- **Problem details**:
Leave every picture out, and write out the remaining entries exactly.

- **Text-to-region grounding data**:
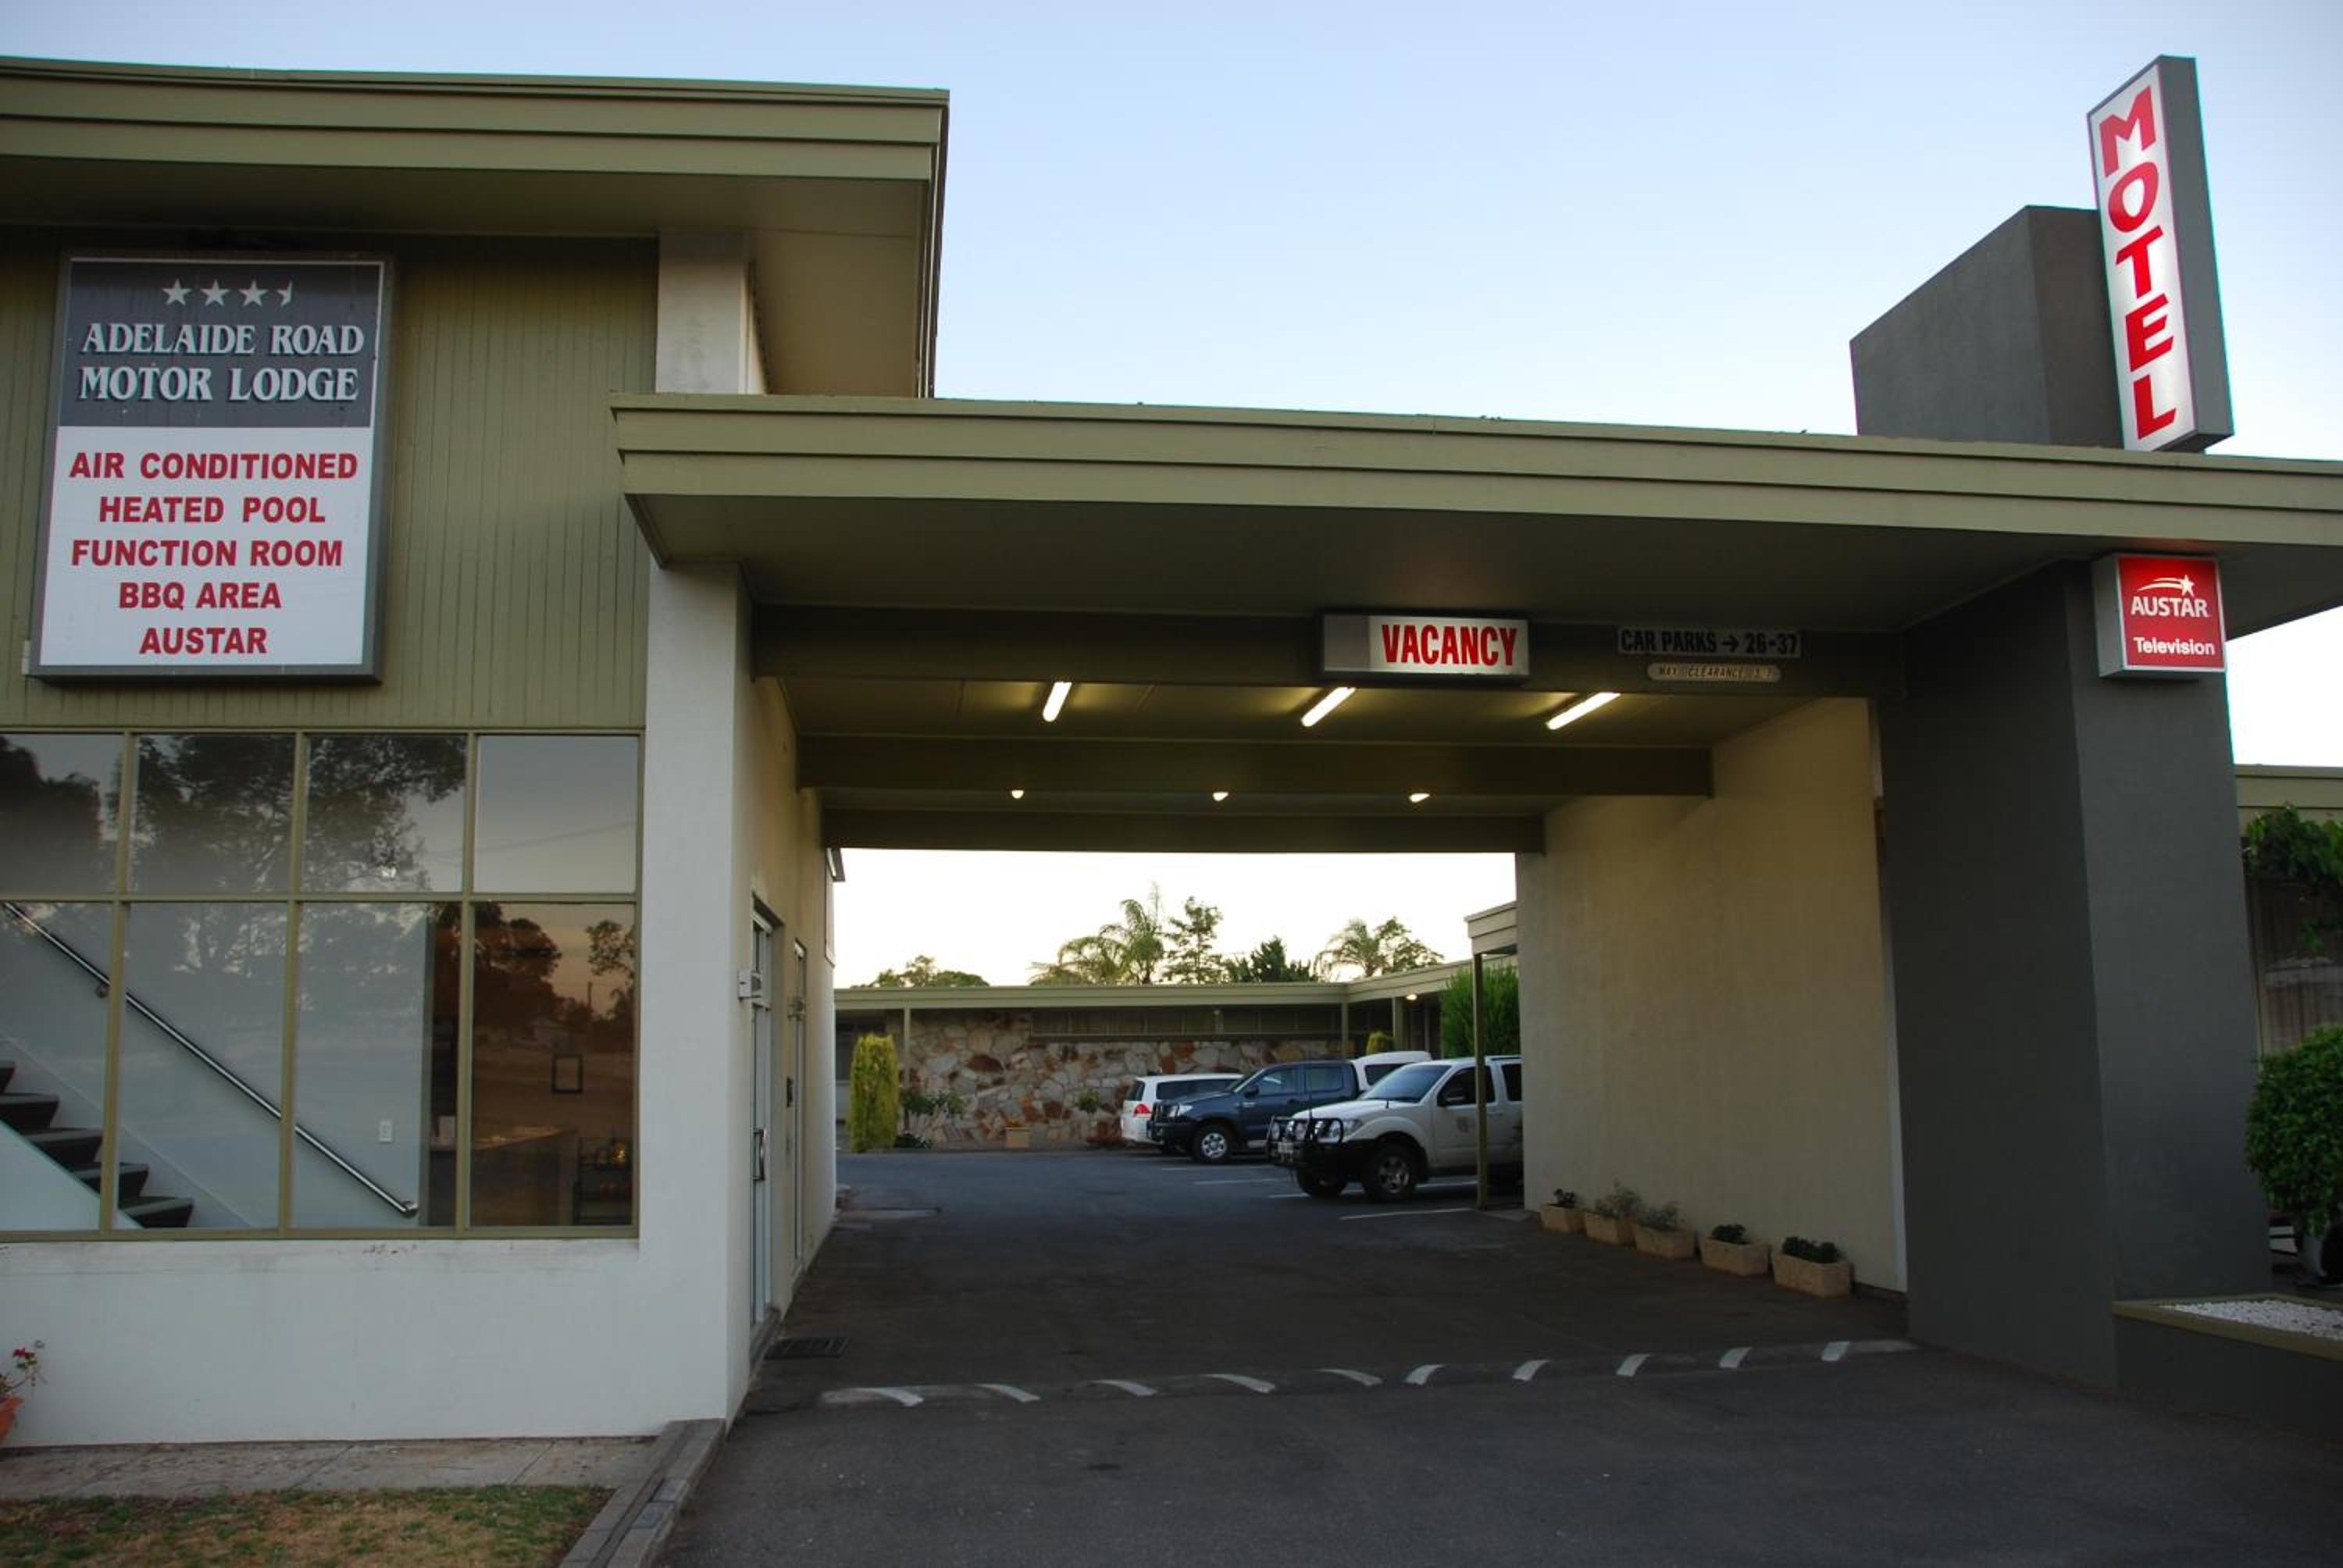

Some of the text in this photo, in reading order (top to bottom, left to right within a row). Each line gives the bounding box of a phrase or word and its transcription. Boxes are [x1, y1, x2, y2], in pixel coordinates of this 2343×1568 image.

[2099, 85, 2177, 440] MOTEL
[81, 323, 365, 355] ADELAIDE ROAD
[79, 366, 358, 401] MOTOR LODGE
[70, 452, 358, 479] AIR CONDITIONED
[99, 497, 326, 523] HEATED POOL
[71, 540, 342, 567] FUNCTION ROOM
[119, 582, 282, 610] BBQ AREA
[2131, 596, 2209, 618] AUSTAR
[139, 627, 267, 654] AUSTAR
[1381, 624, 1517, 666] VACANCY
[1621, 629, 1797, 654] CAR PARKS 26-37
[2133, 636, 2216, 655] Television
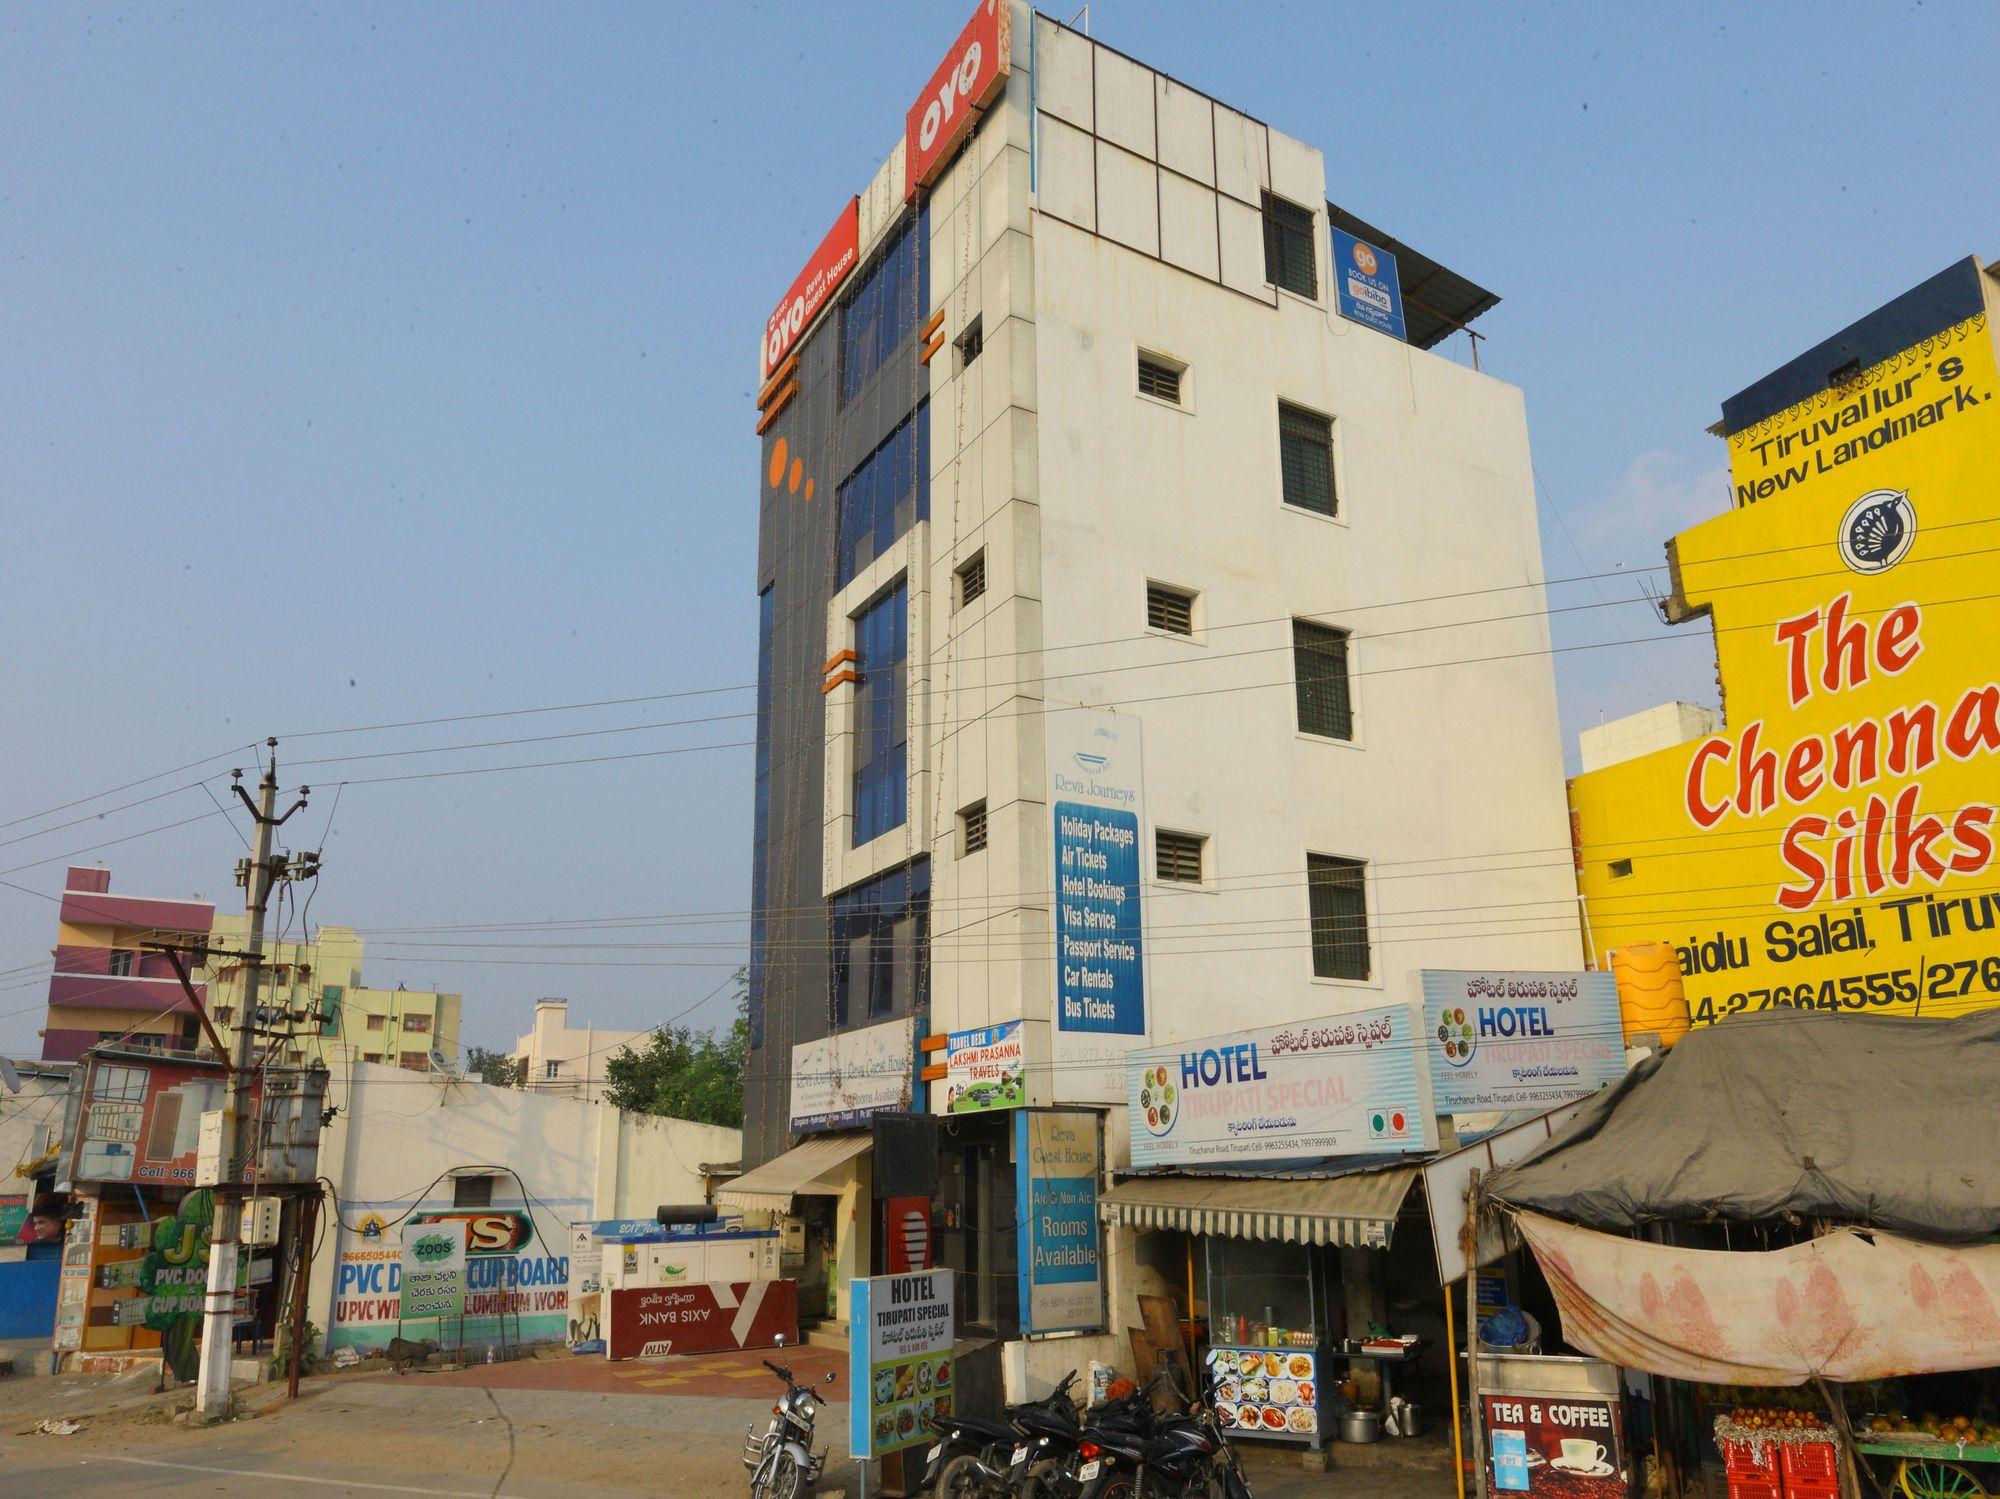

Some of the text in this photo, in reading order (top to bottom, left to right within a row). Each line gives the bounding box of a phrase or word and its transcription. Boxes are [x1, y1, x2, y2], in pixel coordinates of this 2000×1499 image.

[919, 41, 982, 152] OYO
[805, 247, 853, 316] Guest House
[768, 295, 805, 365] OYO
[1750, 356, 1965, 467] Tiruvallur's
[1737, 384, 1992, 508] New Landmark.
[1776, 592, 1923, 709] The
[1055, 773, 1135, 806] Reva Journeys
[1061, 815, 1134, 848] Holiday Packages
[1062, 845, 1107, 870] Air Tickets
[1774, 783, 1998, 911] Silks
[1062, 875, 1125, 905] Hotel Bookings
[1062, 904, 1116, 930] Visa Service
[1063, 935, 1135, 962] Passport Service
[1672, 931, 1750, 977] aidu
[1764, 907, 1876, 963] Salai,
[1064, 965, 1114, 990] Car Rentals
[1467, 977, 1506, 998] హోటల్
[1508, 981, 1547, 998] తిరుపతి
[1065, 996, 1115, 1020] Bus Tickets
[1479, 1007, 1555, 1037] HOTEL
[950, 1034, 969, 1050] TRAVEL
[1271, 1029, 1309, 1055] హోటల్
[1311, 1025, 1355, 1050] తిరుపతి
[1483, 1042, 1552, 1063] TIRUPATI
[949, 1043, 1021, 1067] LAKSHMI PRASANNA
[1180, 1042, 1267, 1090] HOTEL
[969, 1063, 1000, 1080] TRAVELS
[1455, 1070, 1479, 1080] HOMELY
[1181, 1076, 1352, 1120] TIRUPATI SPECIAL
[1444, 1095, 1476, 1105] Tiruchanur
[1051, 1125, 1076, 1142] Reva
[1033, 1149, 1093, 1164] Guest House
[139, 1166, 167, 1177] Cell:
[1060, 1192, 1076, 1205] Non
[619, 1223, 640, 1234] 2017
[1042, 1216, 1088, 1238] Rooms
[417, 1243, 451, 1255] ZOOS
[1034, 1246, 1096, 1267] Available
[155, 1269, 183, 1286] PVC
[338, 1263, 384, 1295] PVC
[467, 1258, 505, 1290] CUP
[506, 1256, 569, 1288] BOARD
[891, 1276, 935, 1304] HOTEL
[152, 1297, 178, 1314] CUP
[464, 1291, 530, 1316] LUMINIUM
[877, 1303, 950, 1327] TIRUPATI SPECIAL
[639, 1309, 711, 1326] AXIS BANK
[645, 1343, 670, 1355] ATM
[1492, 1402, 1609, 1428] TEA & COFFEE
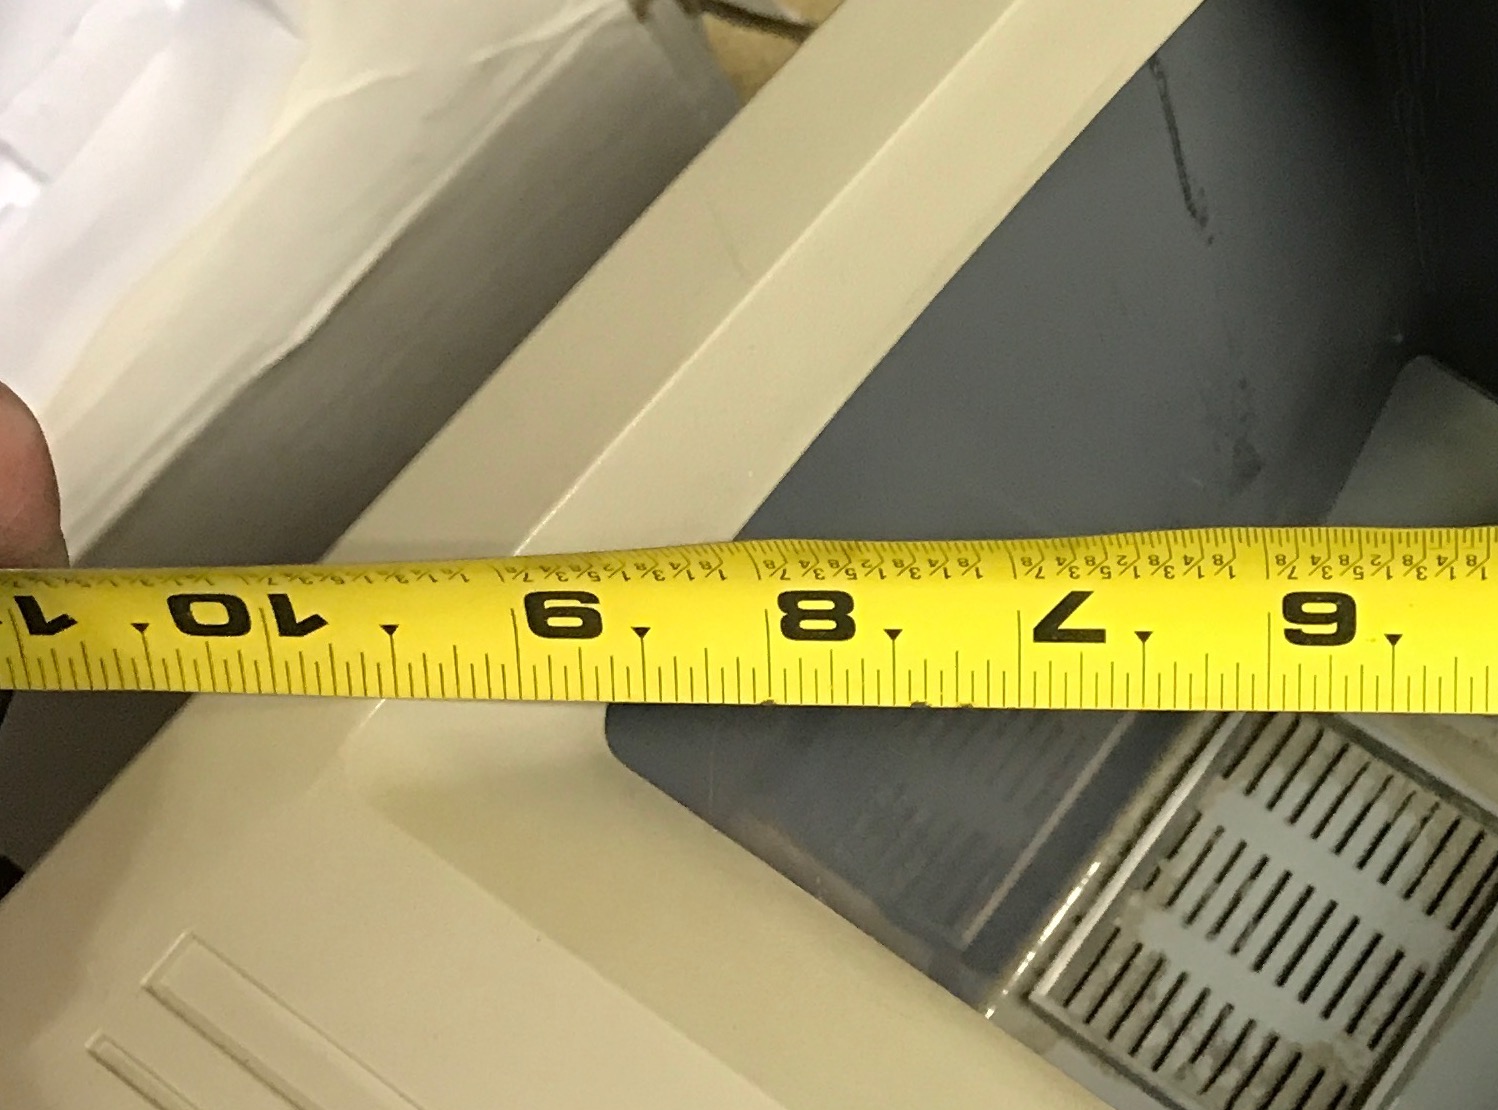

- **Solved problem**:
Some of the text in this photo, in reading order (top to bottom, left to right within a row). Each line gives the bounding box of a phrase or word and its transcription. Boxes are [x1, y1, x2, y2], in pixel coordinates of this 2343×1568 image.

[2099, 85, 2177, 440] MOTEL
[81, 323, 365, 355] ADELAIDE ROAD
[79, 366, 358, 401] MOTOR LODGE
[70, 452, 358, 479] AIR CONDITIONED
[99, 497, 326, 523] HEATED POOL
[71, 540, 342, 567] FUNCTION ROOM
[119, 582, 282, 610] BBQ AREA
[2131, 596, 2209, 618] AUSTAR
[139, 627, 267, 654] AUSTAR
[1381, 624, 1517, 666] VACANCY
[1621, 629, 1797, 654] CAR PARKS 26-37
[2133, 636, 2216, 655] Television

Some of the text in this photo, in reading order (top to bottom, left to right within a row). Each line gives the bounding box of a phrase or word and its transcription. Boxes are [x1, y1, x2, y2], in pixel coordinates of this 2000×1499 image.

[919, 41, 982, 152] OYO
[805, 247, 853, 316] Guest House
[768, 295, 805, 365] OYO
[1750, 356, 1965, 467] Tiruvallur's
[1737, 384, 1992, 508] New Landmark.
[1776, 592, 1923, 709] The
[1055, 773, 1135, 806] Reva Journeys
[1061, 815, 1134, 848] Holiday Packages
[1062, 845, 1107, 870] Air Tickets
[1774, 783, 1998, 911] Silks
[1062, 875, 1125, 905] Hotel Bookings
[1062, 904, 1116, 930] Visa Service
[1063, 935, 1135, 962] Passport Service
[1672, 931, 1750, 977] aidu
[1764, 907, 1876, 963] Salai,
[1064, 965, 1114, 990] Car Rentals
[1467, 977, 1506, 998] హోటల్
[1508, 981, 1547, 998] తిరుపతి
[1065, 996, 1115, 1020] Bus Tickets
[1479, 1007, 1555, 1037] HOTEL
[950, 1034, 969, 1050] TRAVEL
[1271, 1029, 1309, 1055] హోటల్
[1311, 1025, 1355, 1050] తిరుపతి
[1483, 1042, 1552, 1063] TIRUPATI
[949, 1043, 1021, 1067] LAKSHMI PRASANNA
[1180, 1042, 1267, 1090] HOTEL
[969, 1063, 1000, 1080] TRAVELS
[1455, 1070, 1479, 1080] HOMELY
[1181, 1076, 1352, 1120] TIRUPATI SPECIAL
[1444, 1095, 1476, 1105] Tiruchanur
[1051, 1125, 1076, 1142] Reva
[1033, 1149, 1093, 1164] Guest House
[139, 1166, 167, 1177] Cell:
[1060, 1192, 1076, 1205] Non
[619, 1223, 640, 1234] 2017
[1042, 1216, 1088, 1238] Rooms
[417, 1243, 451, 1255] ZOOS
[1034, 1246, 1096, 1267] Available
[155, 1269, 183, 1286] PVC
[338, 1263, 384, 1295] PVC
[467, 1258, 505, 1290] CUP
[506, 1256, 569, 1288] BOARD
[891, 1276, 935, 1304] HOTEL
[152, 1297, 178, 1314] CUP
[464, 1291, 530, 1316] LUMINIUM
[877, 1303, 950, 1327] TIRUPATI SPECIAL
[639, 1309, 711, 1326] AXIS BANK
[645, 1343, 670, 1355] ATM
[1492, 1402, 1609, 1428] TEA & COFFEE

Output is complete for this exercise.